* [EXERCISE REQUIREMENTS]:
Word for word, repeat all the entries below, but without the pictures.

==============================

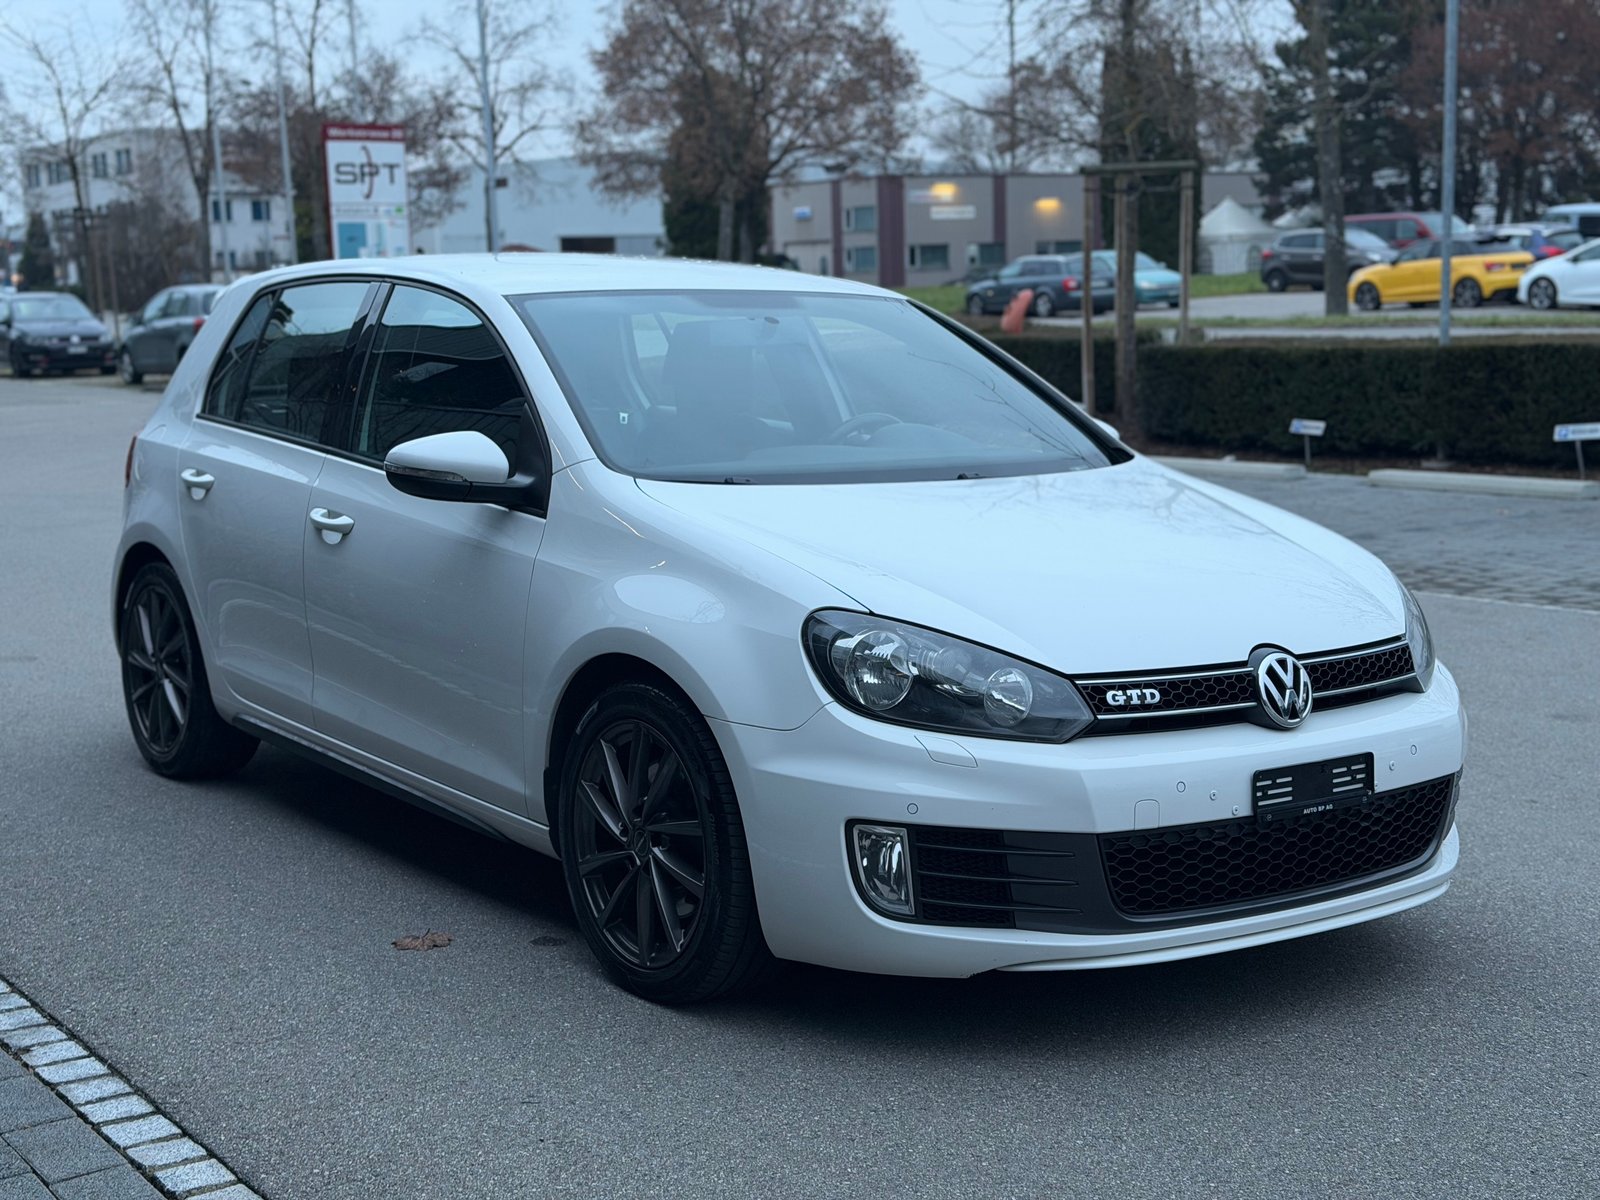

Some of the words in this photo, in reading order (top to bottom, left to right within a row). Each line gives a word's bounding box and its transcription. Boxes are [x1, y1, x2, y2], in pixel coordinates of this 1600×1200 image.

[335, 162, 401, 184] SPT
[1106, 688, 1162, 706] GTD
[1303, 807, 1318, 815] AUTO
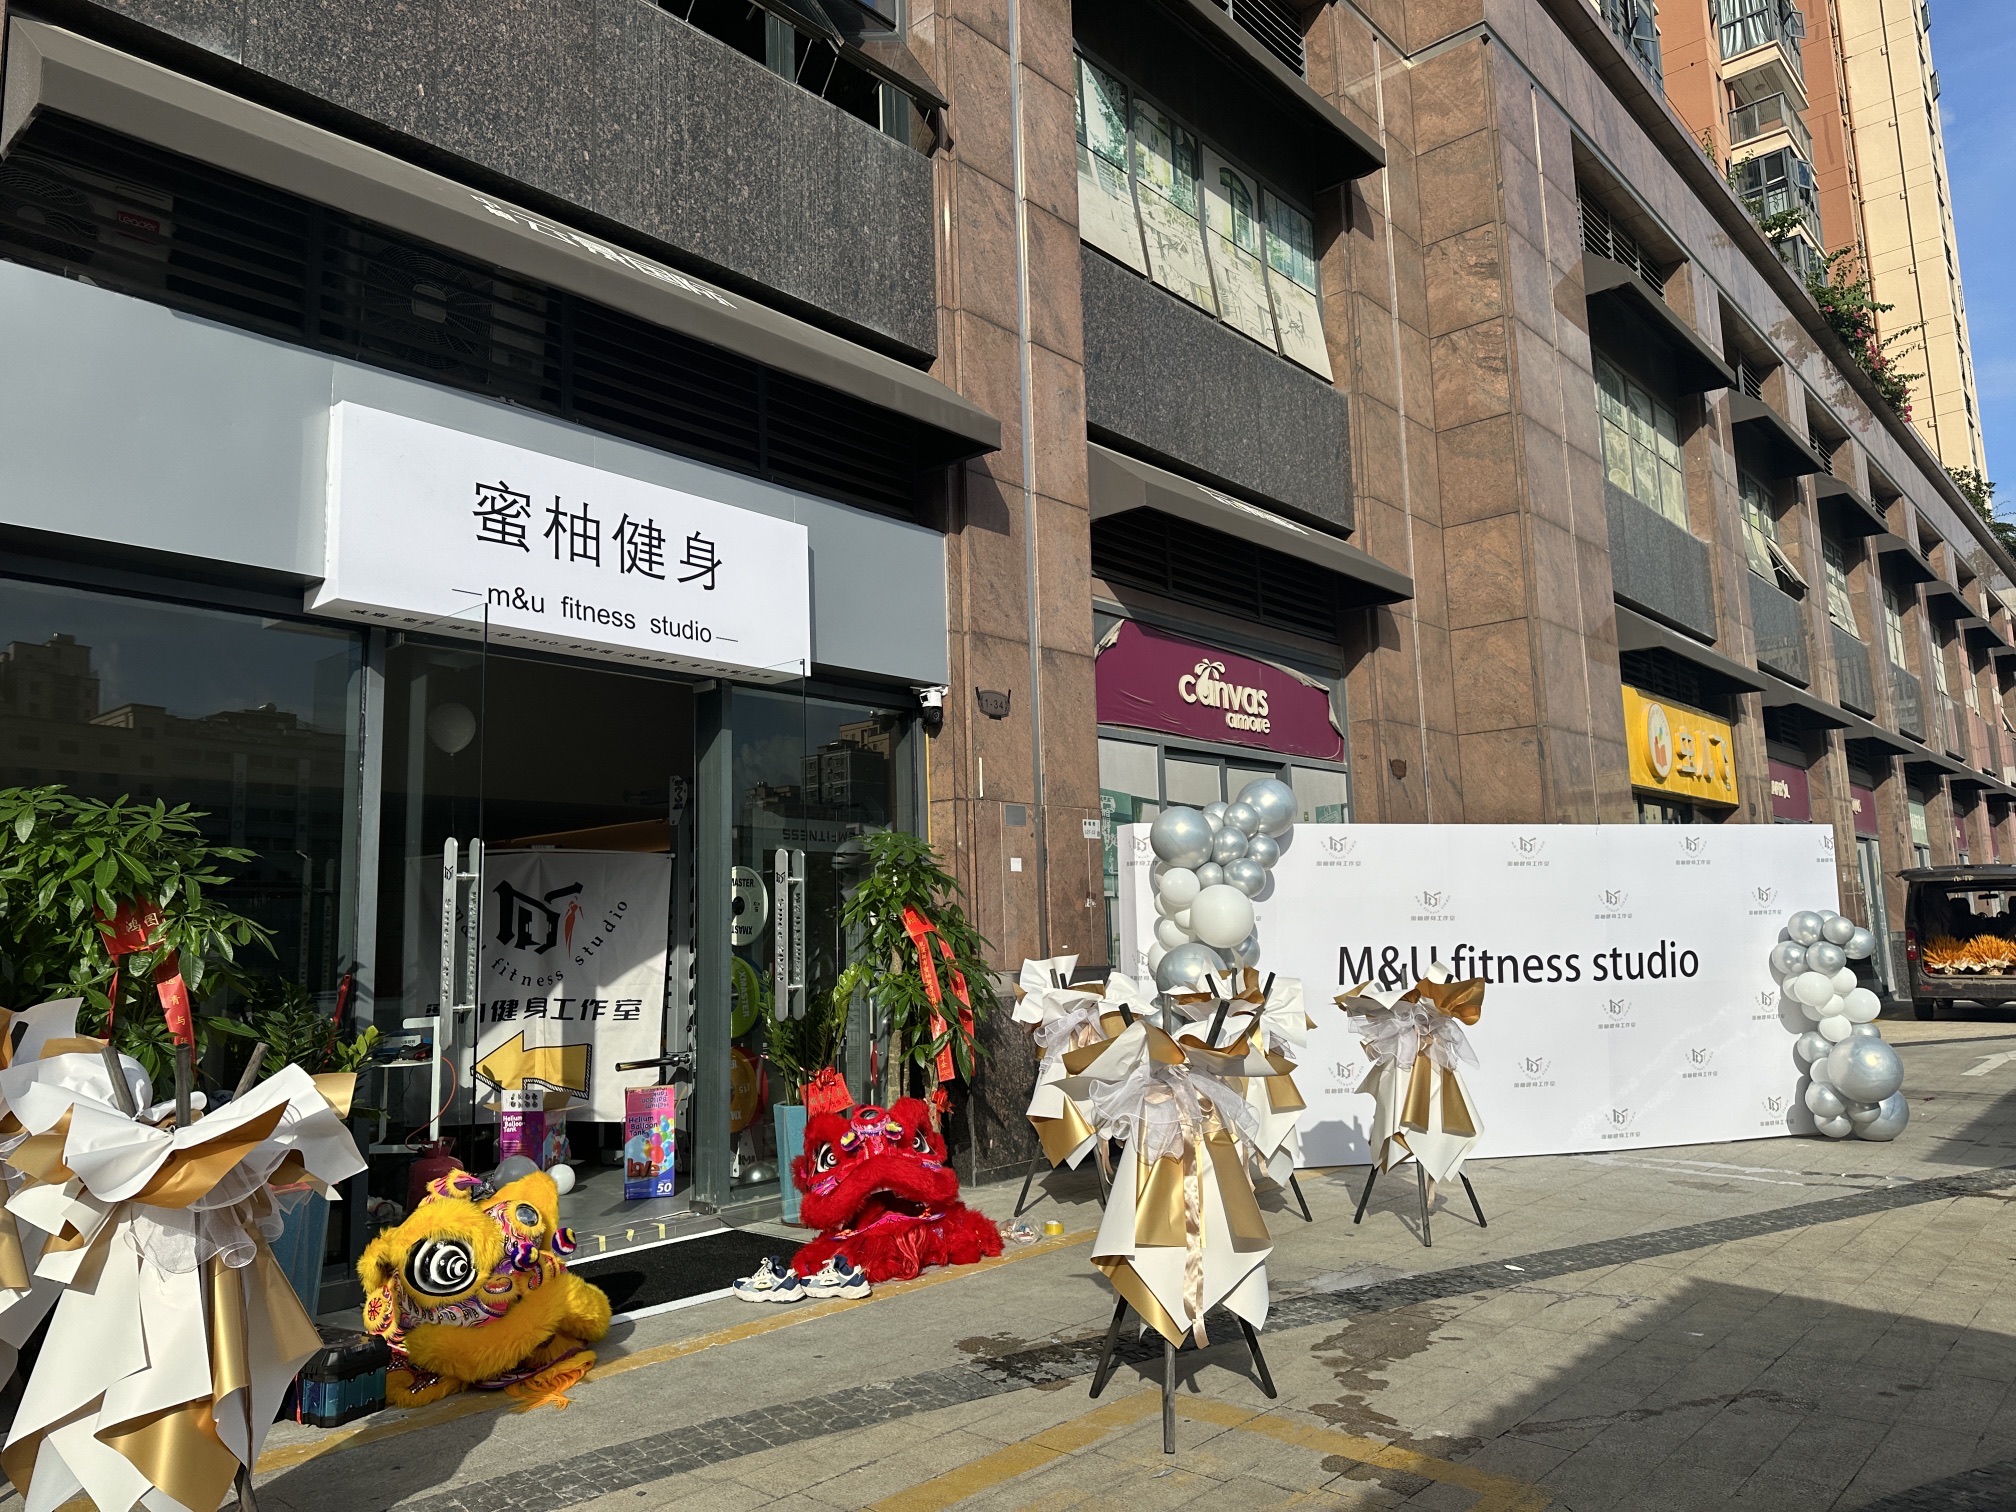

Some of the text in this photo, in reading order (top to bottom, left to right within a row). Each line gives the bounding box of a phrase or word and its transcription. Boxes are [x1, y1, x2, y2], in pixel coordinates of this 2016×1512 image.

[118, 213, 158, 232] Leader
[472, 480, 724, 591] 蜜柚健身
[488, 583, 712, 644] m&u fitness studio
[985, 698, 1004, 710] 1-34
[1178, 669, 1269, 717] canvas
[1226, 712, 1270, 733] amore
[732, 878, 754, 888] MASTER
[491, 957, 564, 987] fitness
[575, 899, 628, 966] studio
[1451, 943, 1581, 984] fitness
[1593, 939, 1699, 981] studio
[738, 970, 751, 1018] XMASTER
[426, 997, 643, 1024] 健身工作室
[630, 1122, 658, 1130] Balloon
[656, 1183, 672, 1193] 50

==============================

* [RESPONSE TO THIS EXERCISE]:
Some of the words in this photo, in reading order (top to bottom, left to right within a row). Each line gives a word's bounding box and its transcription. Boxes are [x1, y1, x2, y2], in pixel coordinates of this 1600×1200 image.

[335, 162, 401, 184] SPT
[1106, 688, 1162, 706] GTD
[1303, 807, 1318, 815] AUTO

Some of the text in this photo, in reading order (top to bottom, left to right within a row). Each line gives the bounding box of a phrase or word and its transcription. Boxes are [x1, y1, x2, y2], in pixel coordinates of this 2016×1512 image.

[118, 213, 158, 232] Leader
[472, 480, 724, 591] 蜜柚健身
[488, 583, 712, 644] m&u fitness studio
[985, 698, 1004, 710] 1-34
[1178, 669, 1269, 717] canvas
[1226, 712, 1270, 733] amore
[732, 878, 754, 888] MASTER
[491, 957, 564, 987] fitness
[575, 899, 628, 966] studio
[1451, 943, 1581, 984] fitness
[1593, 939, 1699, 981] studio
[738, 970, 751, 1018] XMASTER
[426, 997, 643, 1024] 健身工作室
[630, 1122, 658, 1130] Balloon
[656, 1183, 672, 1193] 50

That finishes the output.